Le divisioni sulle unioni gay
Il costituzionalista Michele Ainis ( Corriere della Sera) , 29 maggio) ha scritto un bell’articolo sulla divisione della sfera religiosa da quella statuale negli ordinamenti moderni per dimostrare, in maniera convincente, l’opportunità di legalizzare anche da noi le unioni omosessuali, mettendoci alla pari con tutti gli Stati dell’Europa occidentale. Ma nella foga dell’argomentare giunge a una forzatura della Costituzione che non mi sento di condividere. Secondo lui i costituenti agirono con lungimiranza perché definirono la famiglia una «società naturale». Questo aprirebbe uno spiraglio costituzionale alla novità dei matrimoni tra persone dello stesso sesso perché ciò che è innaturale oggi può diventare naturale domani a causa dell’evoluzione dei costumi ecc, ecc. Io credo invece che nessuno dei costituenti potesse neanche lontanamente immaginare che di lì a settant'anni si sarebbe approdati a tale tipo di nozze. Ma ve l’immaginate? Erano tempi in cui gli omosessuali erano perseguitati, in molti Stati civili anche penalmente. Ancora alla fine degli anni Sessanta un’inchiesta sull’omosessualità di un famoso giornalista fece scalpore e l’autore fu tacciato dai colleghi di omosessualità.
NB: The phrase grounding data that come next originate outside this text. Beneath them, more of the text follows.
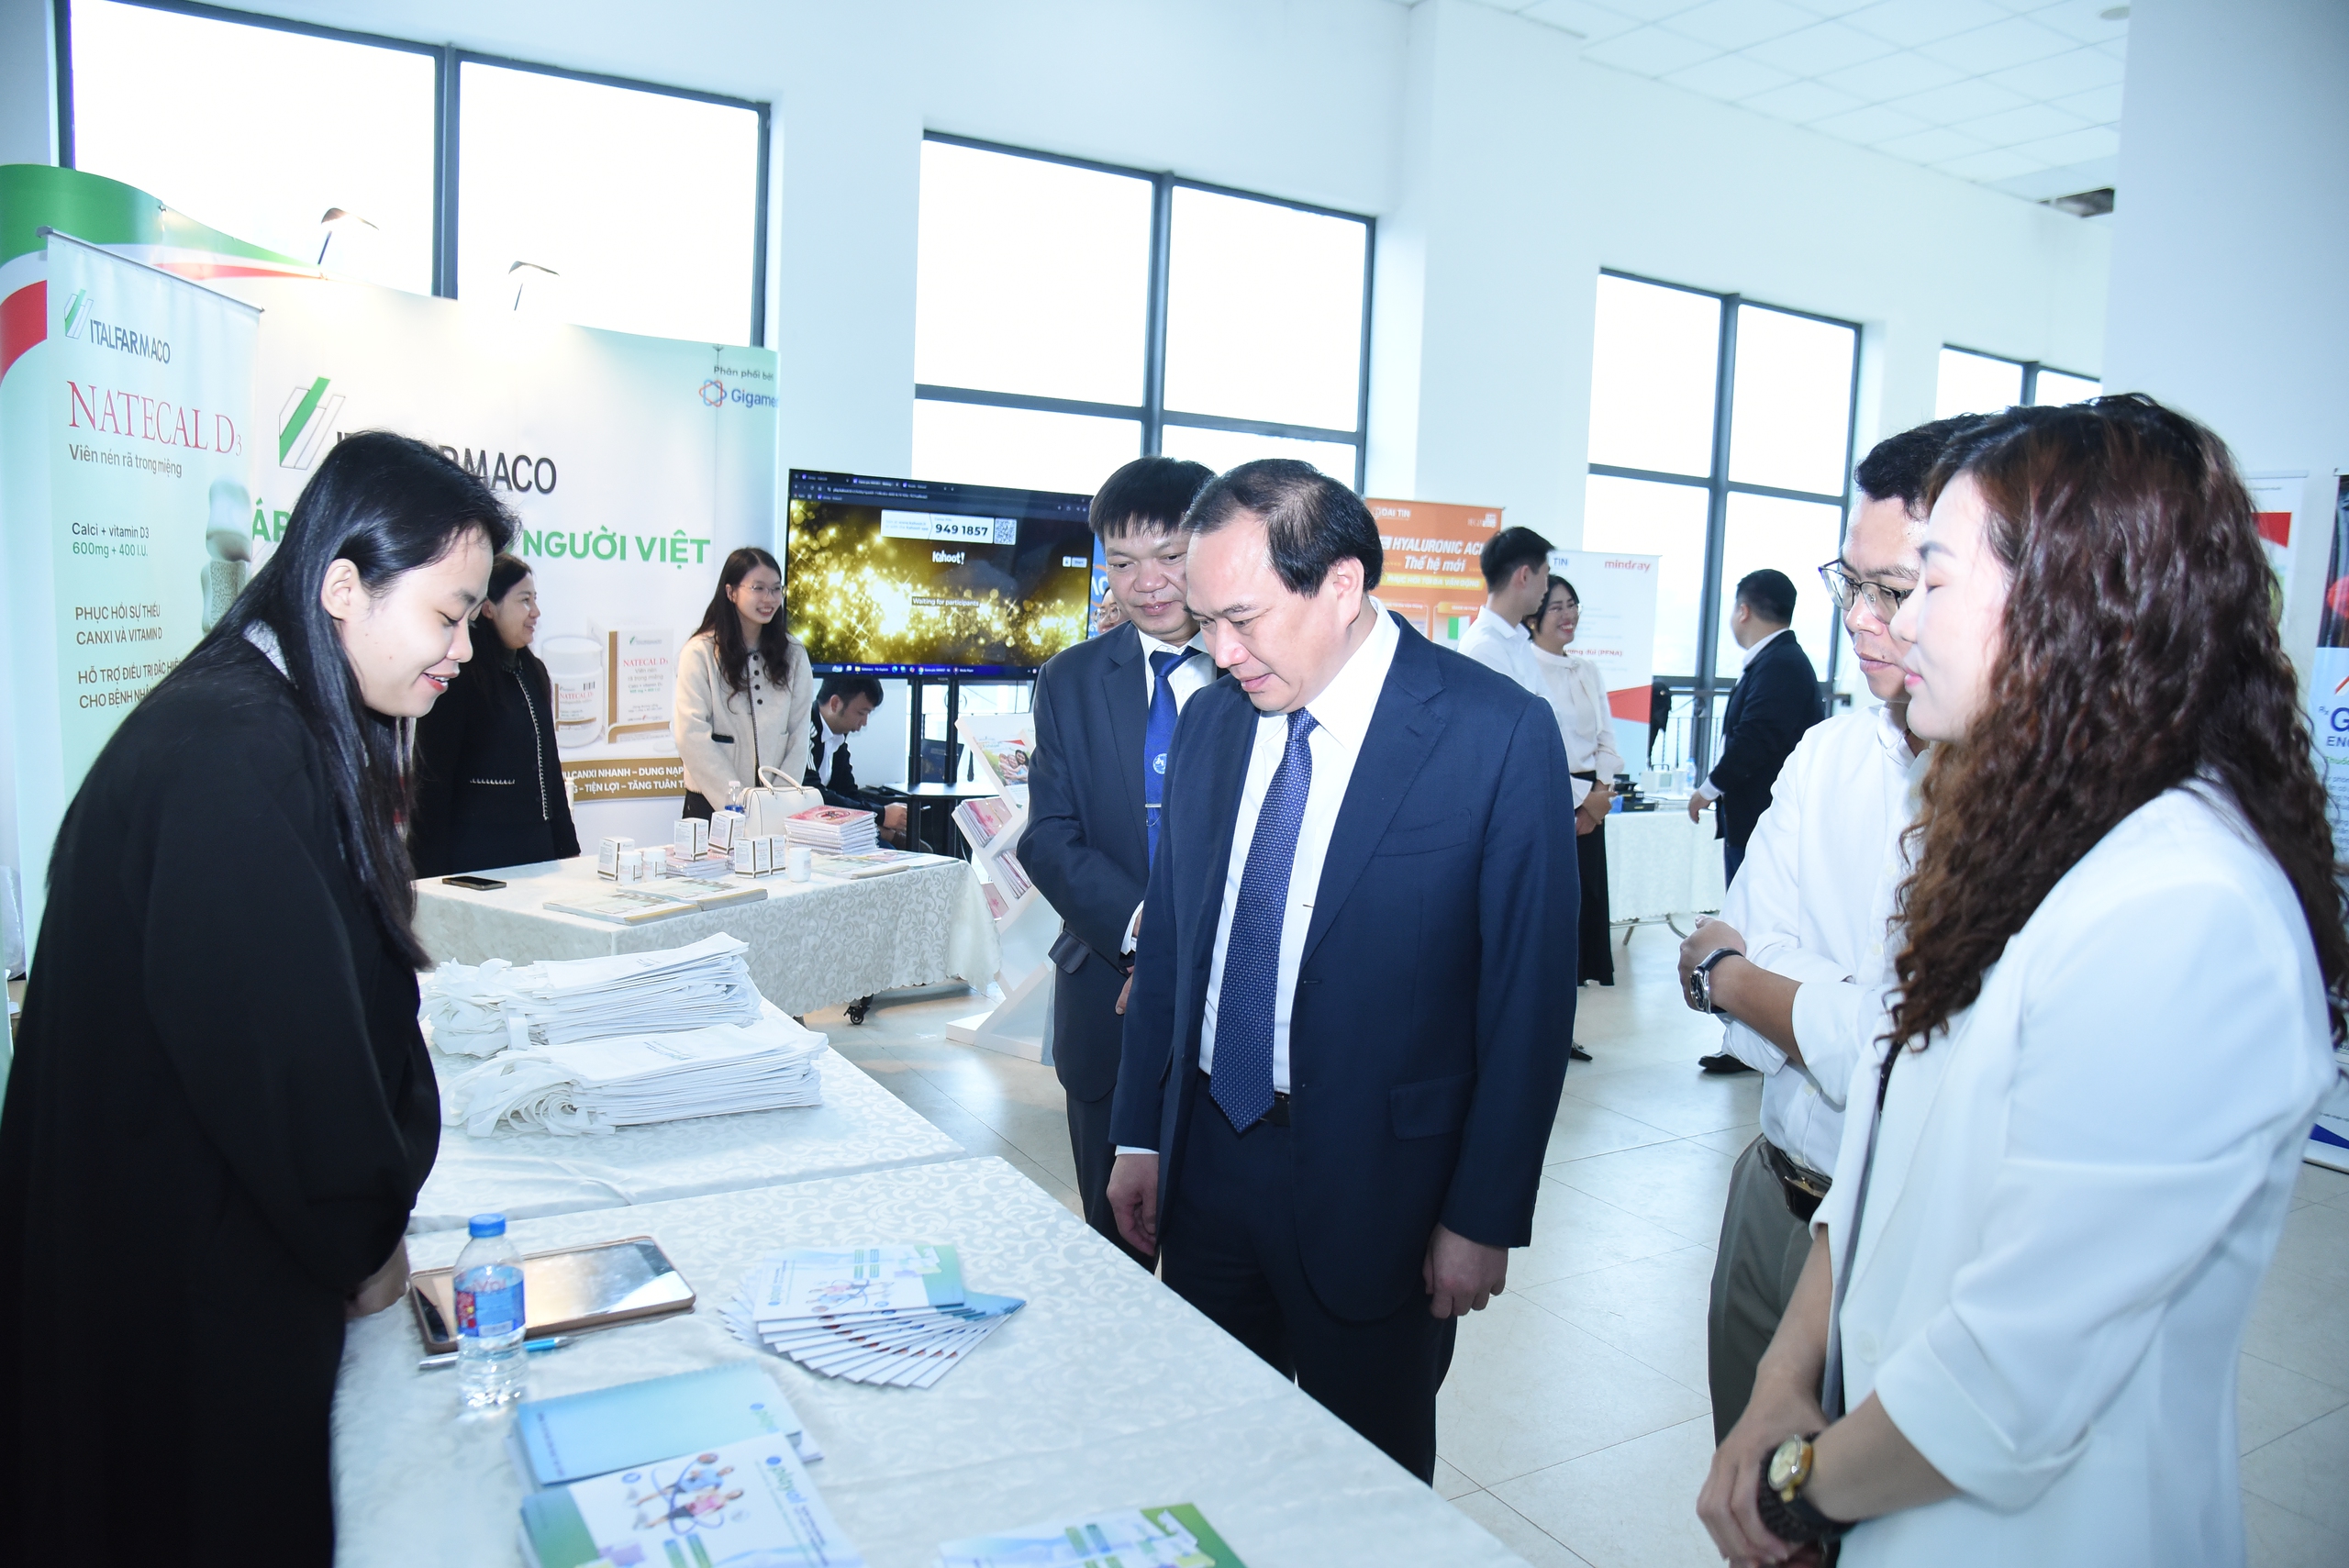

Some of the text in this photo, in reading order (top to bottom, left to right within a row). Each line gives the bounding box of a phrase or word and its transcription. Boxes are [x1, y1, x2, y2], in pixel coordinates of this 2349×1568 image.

[89, 318, 172, 364] ITALFARMACO
[731, 388, 779, 409] Gigame
[66, 380, 208, 450] NATECAL
[69, 443, 183, 479] Viên nén rã trong miệng
[72, 522, 98, 536] Calci
[108, 524, 139, 539] vitamin
[139, 527, 150, 539] D3
[935, 523, 959, 535] 949
[962, 526, 989, 538] 1857
[72, 541, 109, 559] 600mg
[118, 544, 135, 556] 400
[523, 525, 711, 570] NGƯỜI VIỆT
[1391, 537, 1485, 556] HYALURONIC ACI
[932, 550, 965, 566] Kahoot!
[1404, 555, 1466, 574] Thế hệ mới
[1604, 560, 1651, 573] mindray
[912, 597, 936, 606] Waiting
[945, 599, 979, 607] participants
[74, 600, 161, 624] PHỤC HỒI SỰ THIẾU
[76, 629, 113, 646] CANXI
[115, 626, 128, 644] VÀ
[128, 628, 158, 643] VITAMIN
[623, 658, 657, 668] NATECAL
[78, 665, 97, 684] HỖ
[99, 665, 121, 684] TRỢ
[122, 662, 142, 681] ĐIỀU
[80, 694, 106, 709] CHO
[108, 687, 133, 709] BỆNH
[572, 769, 596, 780] CANXI
[597, 768, 630, 778] NHANH
[639, 767, 662, 776] DUNG
[665, 766, 685, 778] NẠP
[584, 781, 603, 795] TIỆN
[604, 782, 620, 794] LỢI
[628, 780, 652, 791] TĂNG
[652, 779, 676, 790] TUÂN
La costituente era dominata da due blocchi: quello cattolico e quello marxista e su certe materie i comunisti erano ancora più bacchettoni e intransigenti dei democristiani, essendo questi ultimi un po’ «gesuiti» e inclini al perdono. Ne deriva che i costituenti, con quella definizione di famiglia, intendevano l’opposto di ciò che afferma Michele Ainis: una società formata da un uomo e una donna e dalla loro prole, come avviene in natura.
Mi chiedo quindi se l’introduzione del matrimonio gay non presupporrebbe addirittura una modifica costituzionale di questa definizione. Lasciando da parte le forzature che non fanno mai bene.